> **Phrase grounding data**
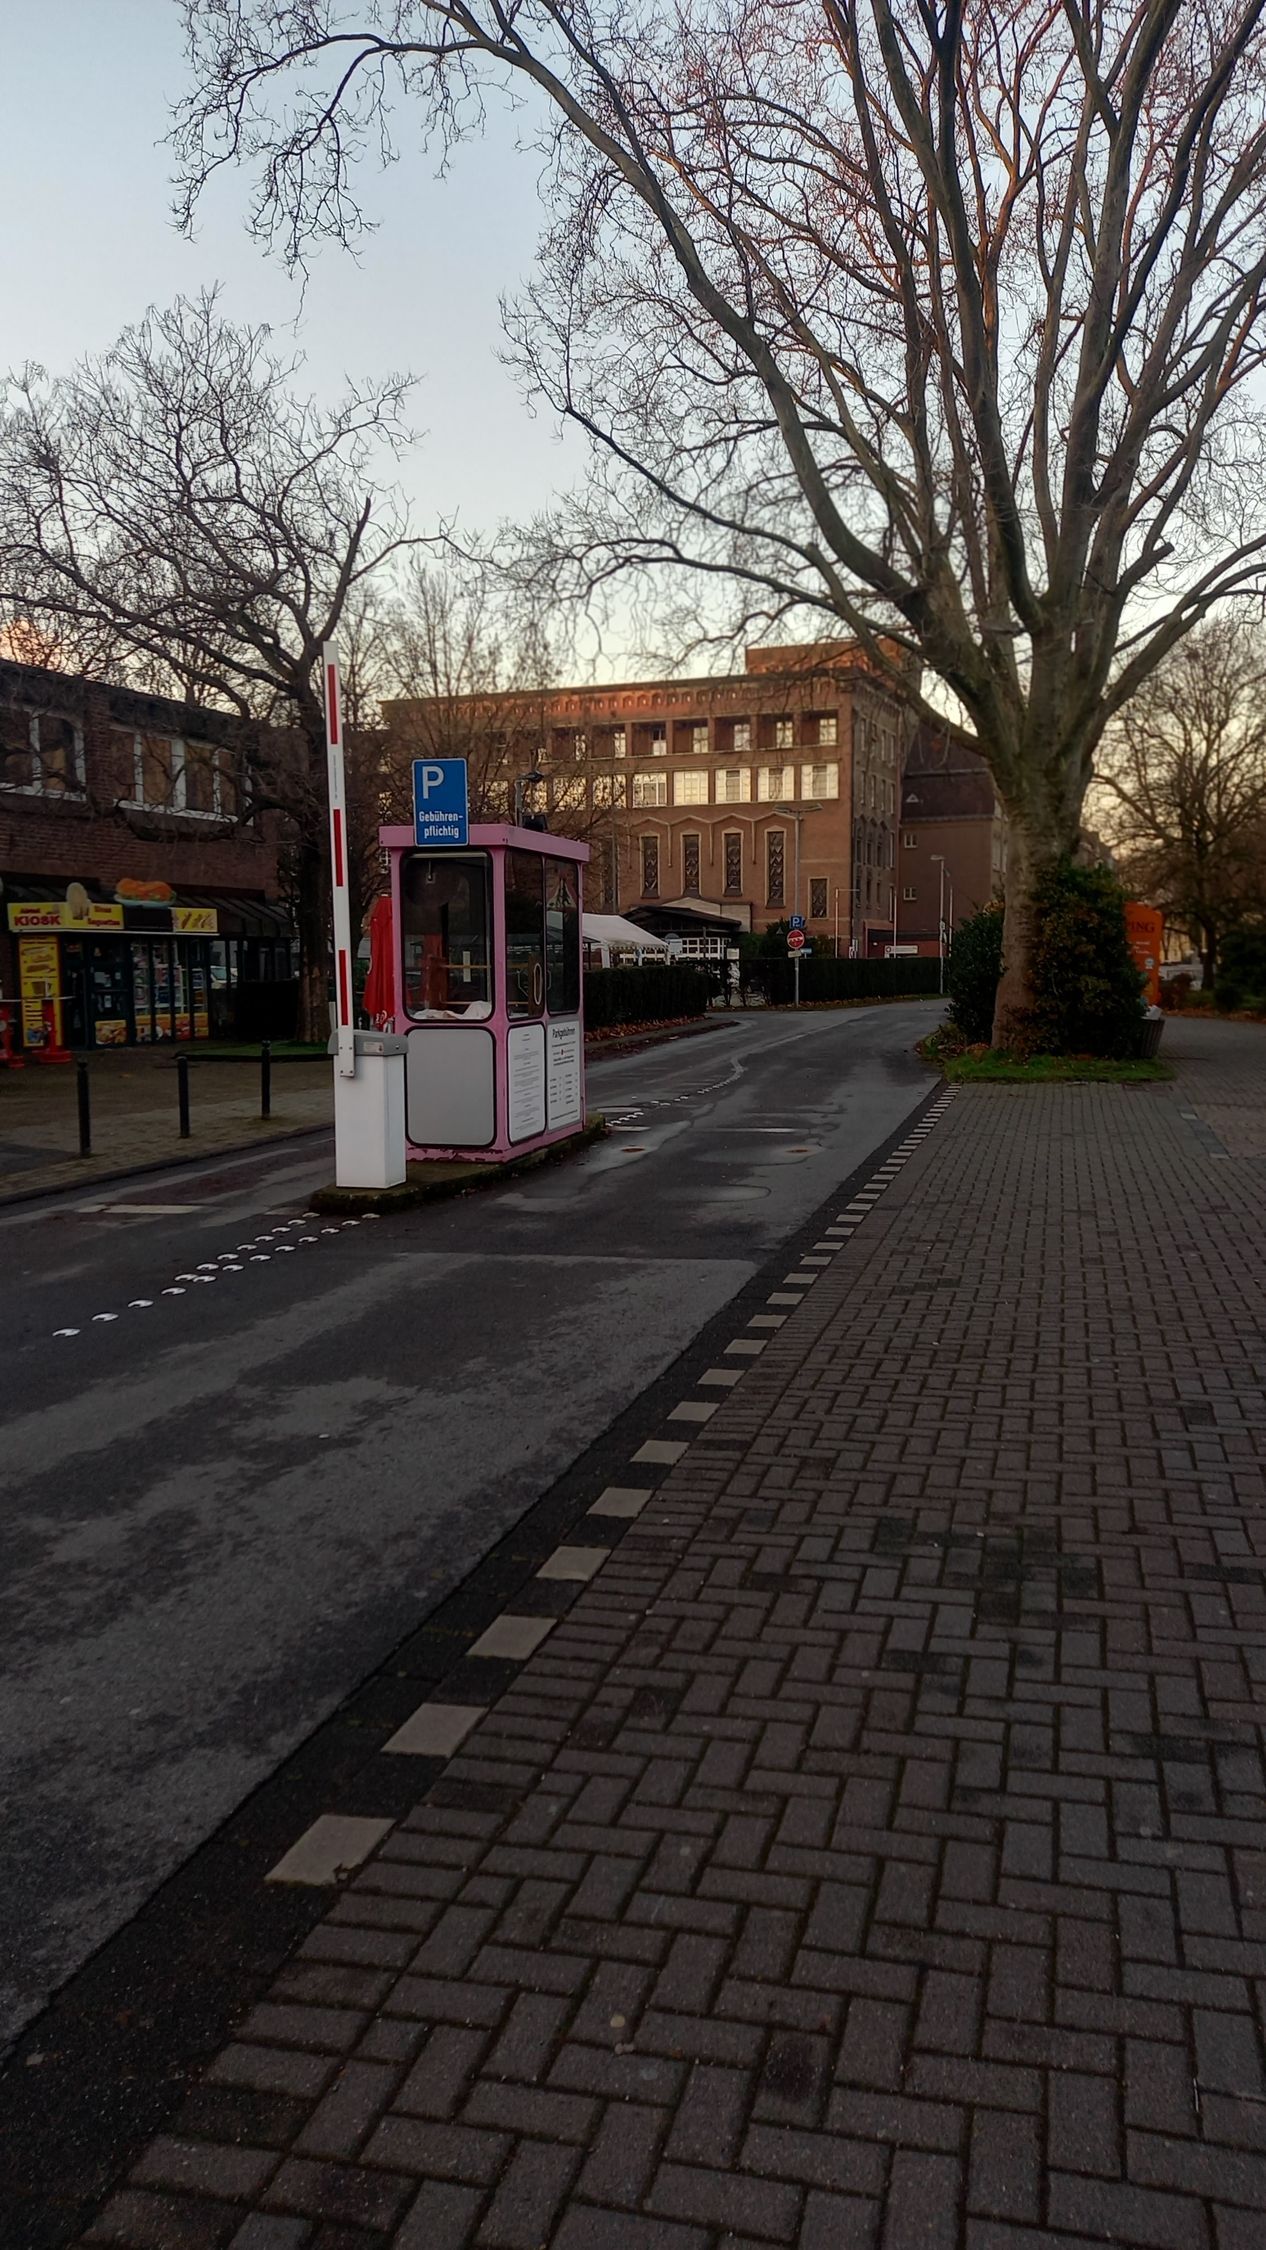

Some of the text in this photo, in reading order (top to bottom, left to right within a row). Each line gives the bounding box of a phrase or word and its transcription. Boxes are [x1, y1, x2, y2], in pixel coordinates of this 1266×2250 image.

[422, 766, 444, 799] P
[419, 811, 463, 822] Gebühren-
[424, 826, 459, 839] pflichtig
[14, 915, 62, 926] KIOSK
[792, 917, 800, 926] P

> **EXERCISE REQUIREMENTS**
What is needed is the data above, retyped exactly, with every picture left out.

> **RESULT FOR THIS TASK**
Some of the text in this photo, in reading order (top to bottom, left to right within a row). Each line gives the bounding box of a phrase or word and its transcription. Boxes are [x1, y1, x2, y2], in pixel coordinates of this 1266×2250 image.

[422, 766, 444, 799] P
[419, 811, 463, 822] Gebühren-
[424, 826, 459, 839] pflichtig
[14, 915, 62, 926] KIOSK
[792, 917, 800, 926] P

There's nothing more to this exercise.